▸ **Required action**:
Reproduce each entry below verbatim.

|---|

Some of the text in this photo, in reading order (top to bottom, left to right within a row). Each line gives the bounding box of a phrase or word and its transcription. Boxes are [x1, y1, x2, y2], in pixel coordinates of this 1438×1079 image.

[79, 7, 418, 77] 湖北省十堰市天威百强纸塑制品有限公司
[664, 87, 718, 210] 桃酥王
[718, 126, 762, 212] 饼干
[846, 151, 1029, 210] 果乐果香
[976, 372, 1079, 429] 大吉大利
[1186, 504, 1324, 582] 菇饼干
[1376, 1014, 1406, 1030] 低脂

|---|

▸ **Exercise response**:
Some of the text in this photo, in reading order (top to bottom, left to right within a row). Each line gives the bounding box of a phrase or word and its transcription. Boxes are [x1, y1, x2, y2], in pixel coordinates of this 1438×1079 image.

[79, 7, 418, 77] 湖北省十堰市天威百强纸塑制品有限公司
[664, 87, 718, 210] 桃酥王
[718, 126, 762, 212] 饼干
[846, 151, 1029, 210] 果乐果香
[976, 372, 1079, 429] 大吉大利
[1186, 504, 1324, 582] 菇饼干
[1376, 1014, 1406, 1030] 低脂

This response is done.